## Task directions:
For this exercise, restate every line below word for word and drop the images.

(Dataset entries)
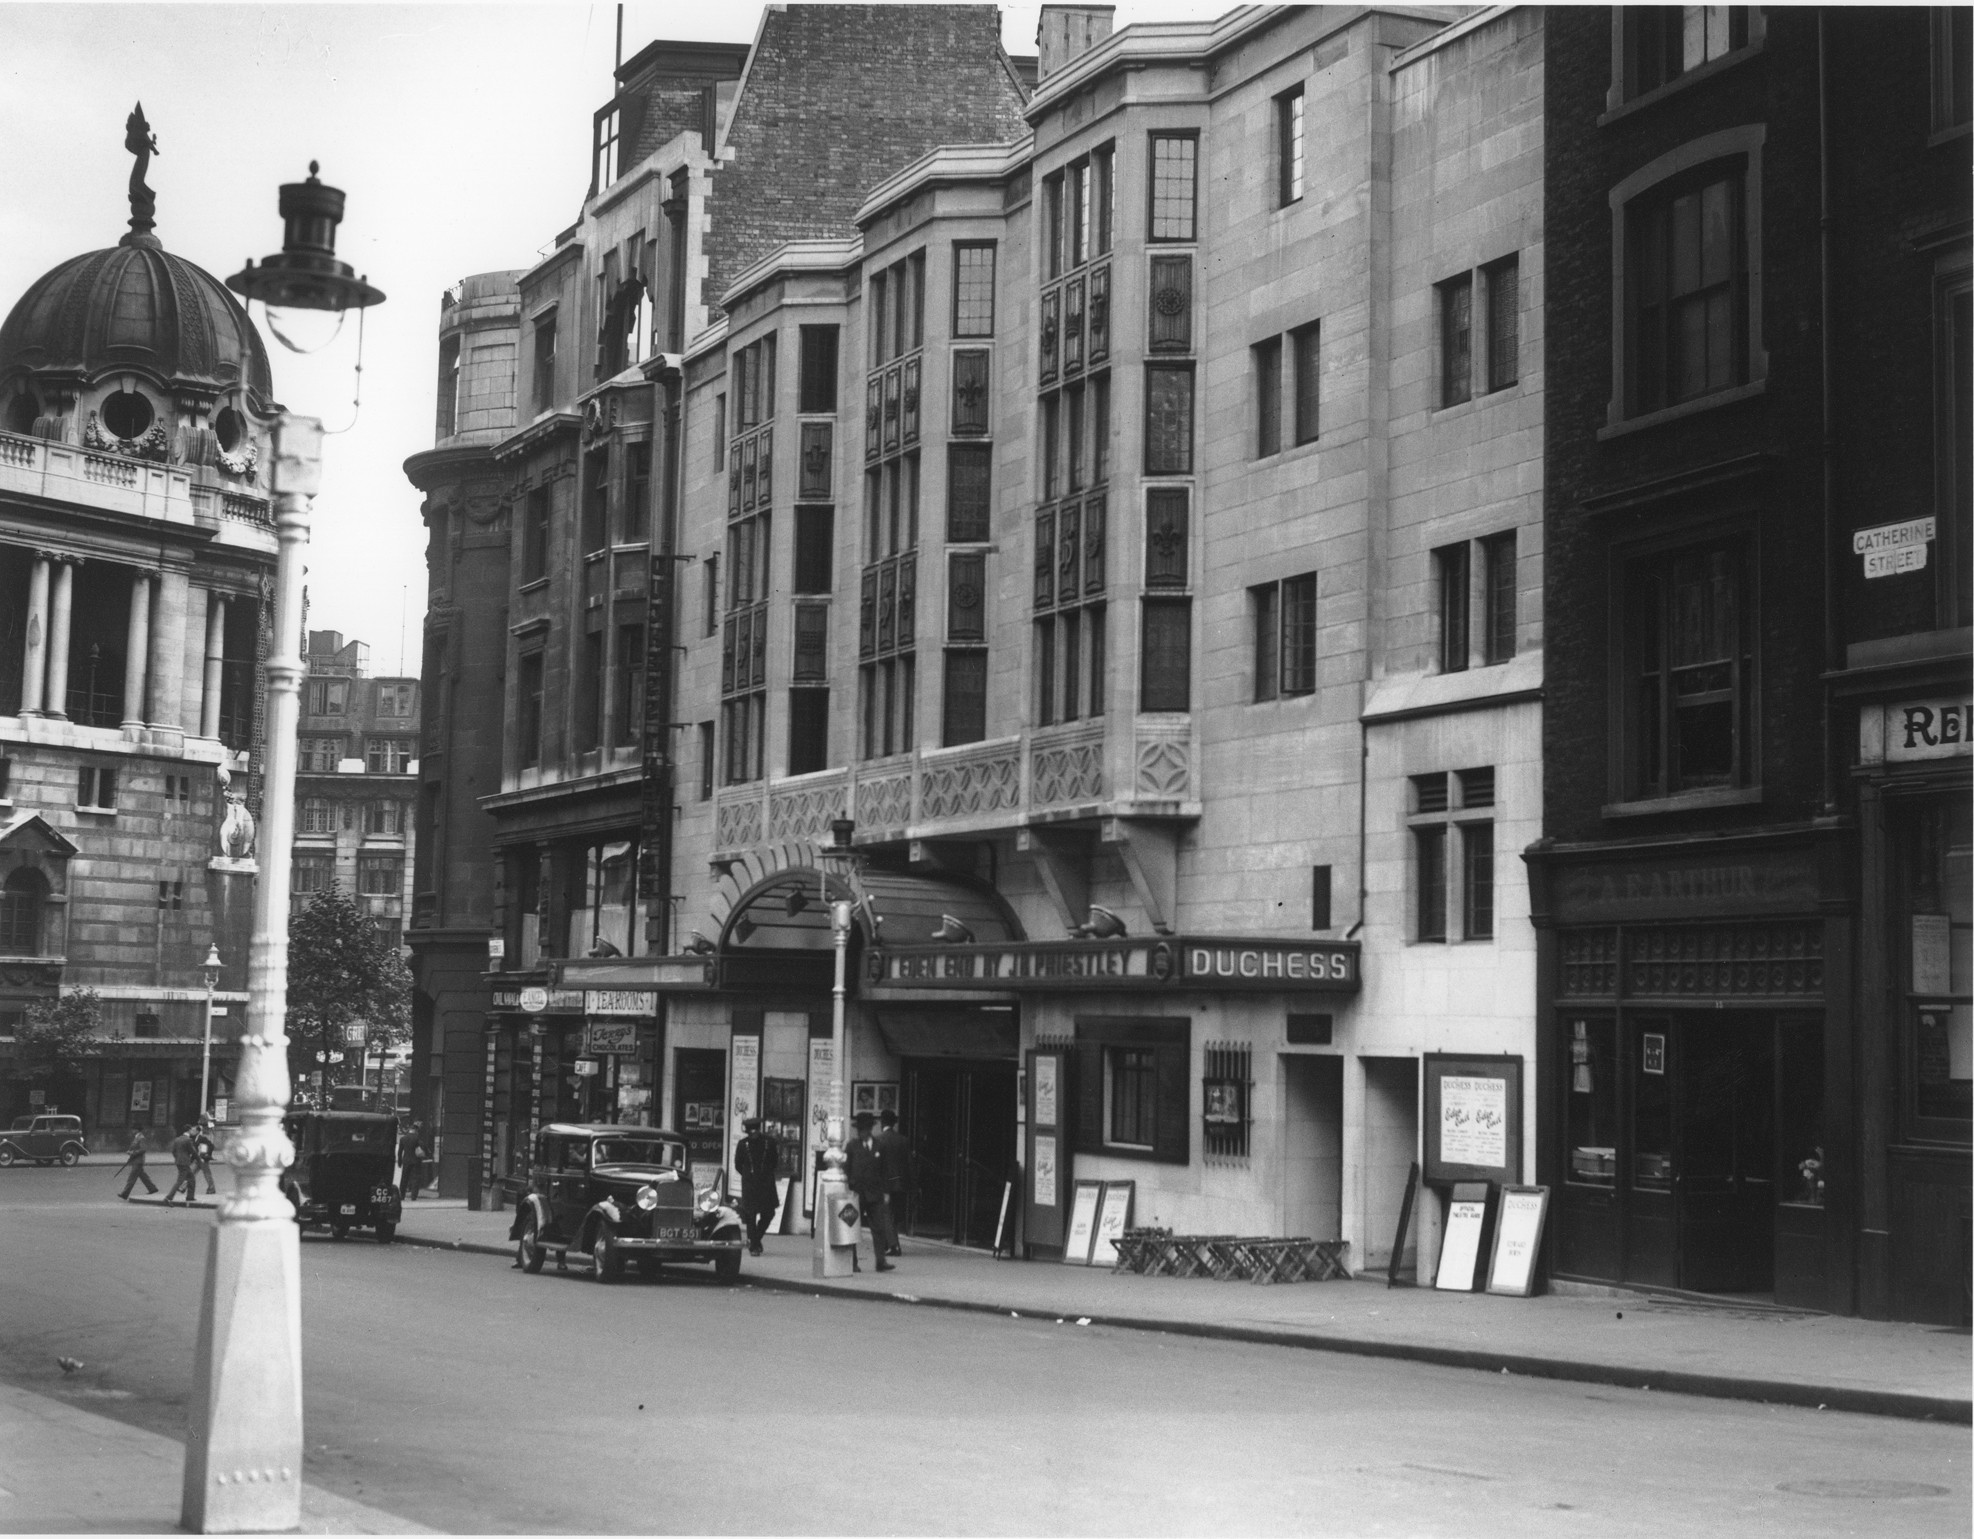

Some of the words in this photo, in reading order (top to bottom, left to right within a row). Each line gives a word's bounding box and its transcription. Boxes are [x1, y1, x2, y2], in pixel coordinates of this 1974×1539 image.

[1856, 522, 1934, 551] CATHERINE
[1868, 550, 1923, 573] STREET
[1191, 948, 1347, 980] DUCHESS
[592, 1044, 634, 1052] CHOCOLATES
[682, 1228, 699, 1239] 551
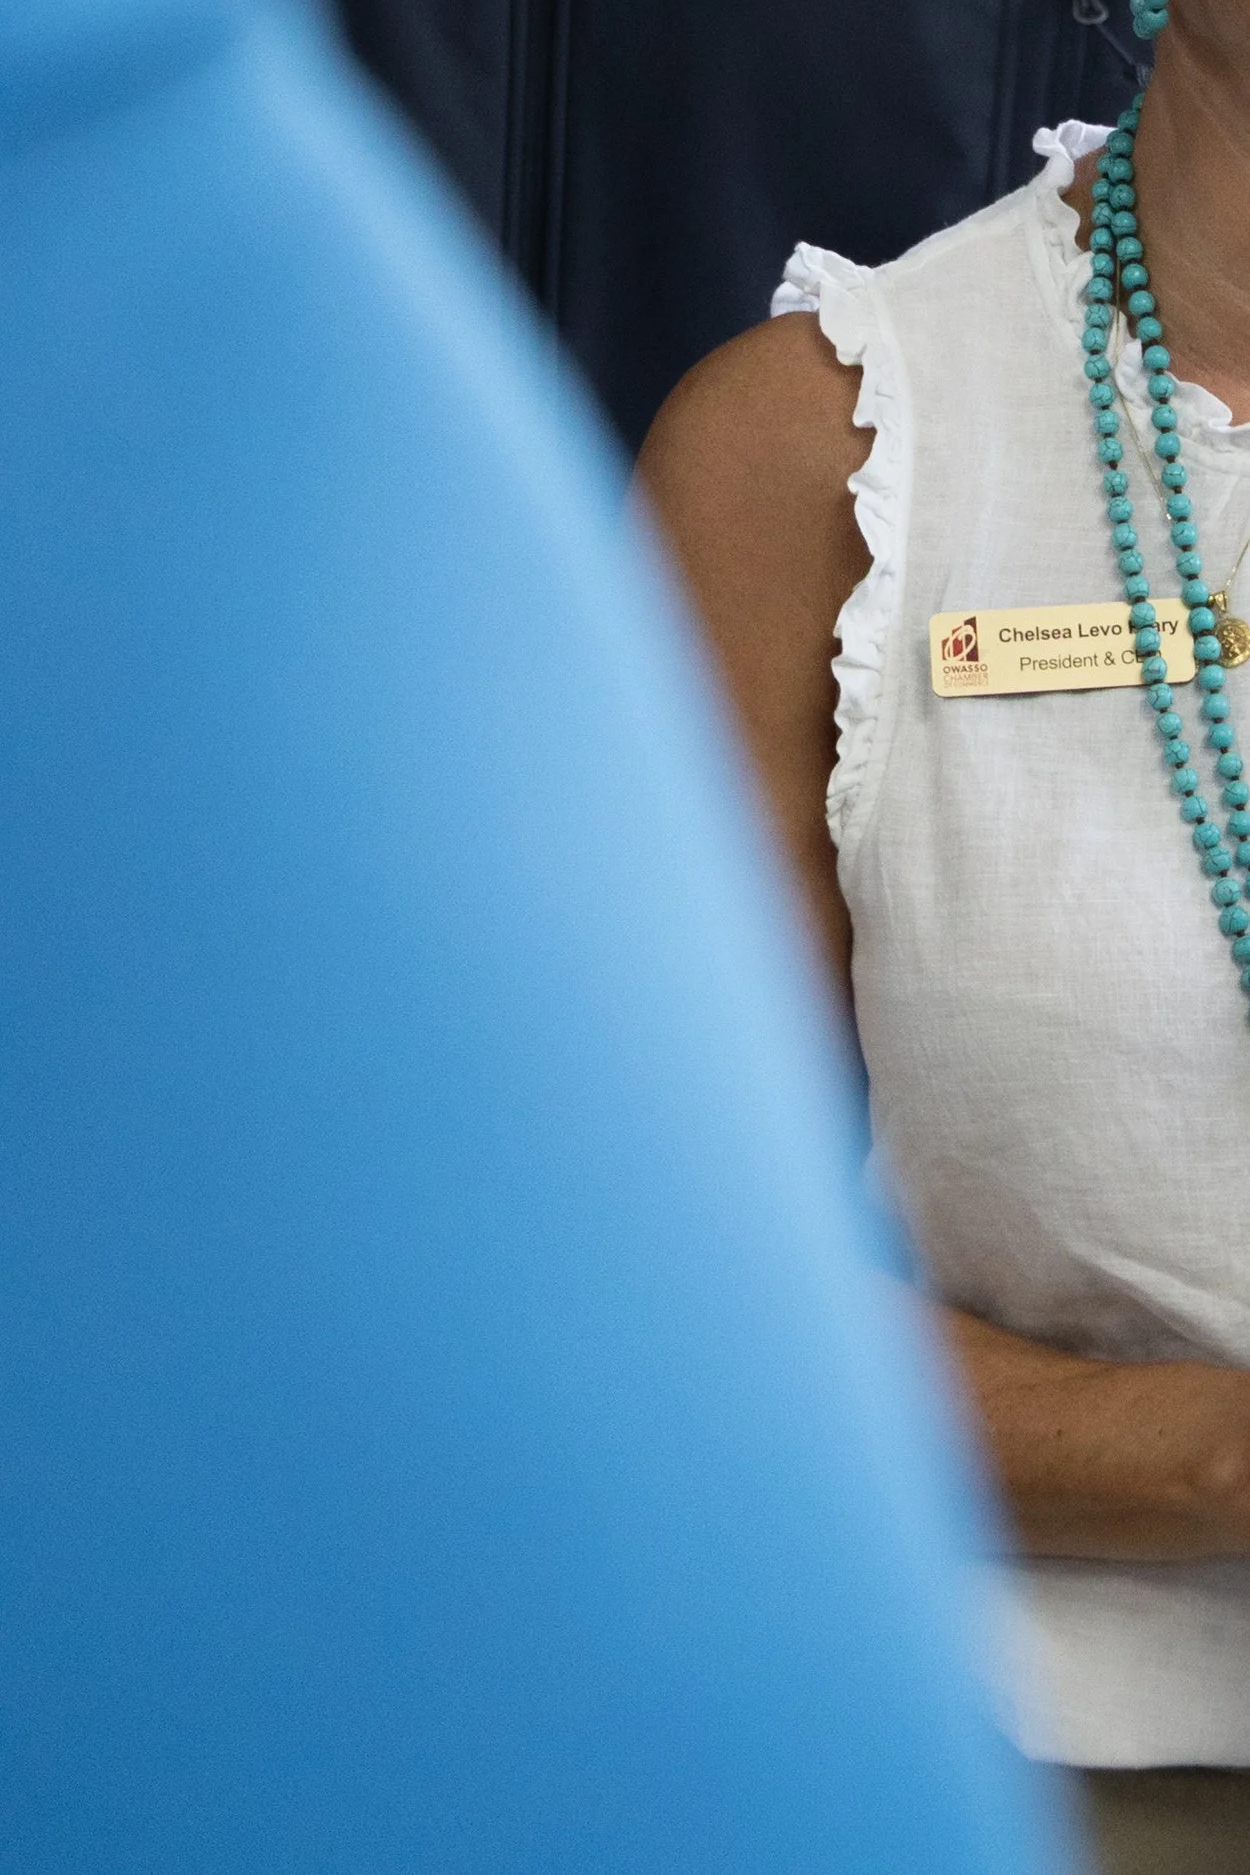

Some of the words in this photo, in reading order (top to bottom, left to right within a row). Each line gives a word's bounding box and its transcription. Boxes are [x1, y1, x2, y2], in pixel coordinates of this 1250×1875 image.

[998, 626, 1072, 642] Chelsea
[1078, 623, 1122, 638] Levo
[943, 663, 988, 674] OWASSO
[1020, 653, 1098, 671] President
[1103, 651, 1116, 666] &
[1121, 649, 1162, 665] CE

## Exercise output:
Some of the words in this photo, in reading order (top to bottom, left to right within a row). Each line gives a word's bounding box and its transcription. Boxes are [x1, y1, x2, y2], in pixel coordinates of this 1974×1539 image.

[1856, 522, 1934, 551] CATHERINE
[1868, 550, 1923, 573] STREET
[1191, 948, 1347, 980] DUCHESS
[592, 1044, 634, 1052] CHOCOLATES
[682, 1228, 699, 1239] 551

Some of the words in this photo, in reading order (top to bottom, left to right within a row). Each line gives a word's bounding box and its transcription. Boxes are [x1, y1, x2, y2], in pixel coordinates of this 1250×1875 image.

[998, 626, 1072, 642] Chelsea
[1078, 623, 1122, 638] Levo
[943, 663, 988, 674] OWASSO
[1020, 653, 1098, 671] President
[1103, 651, 1116, 666] &
[1121, 649, 1162, 665] CE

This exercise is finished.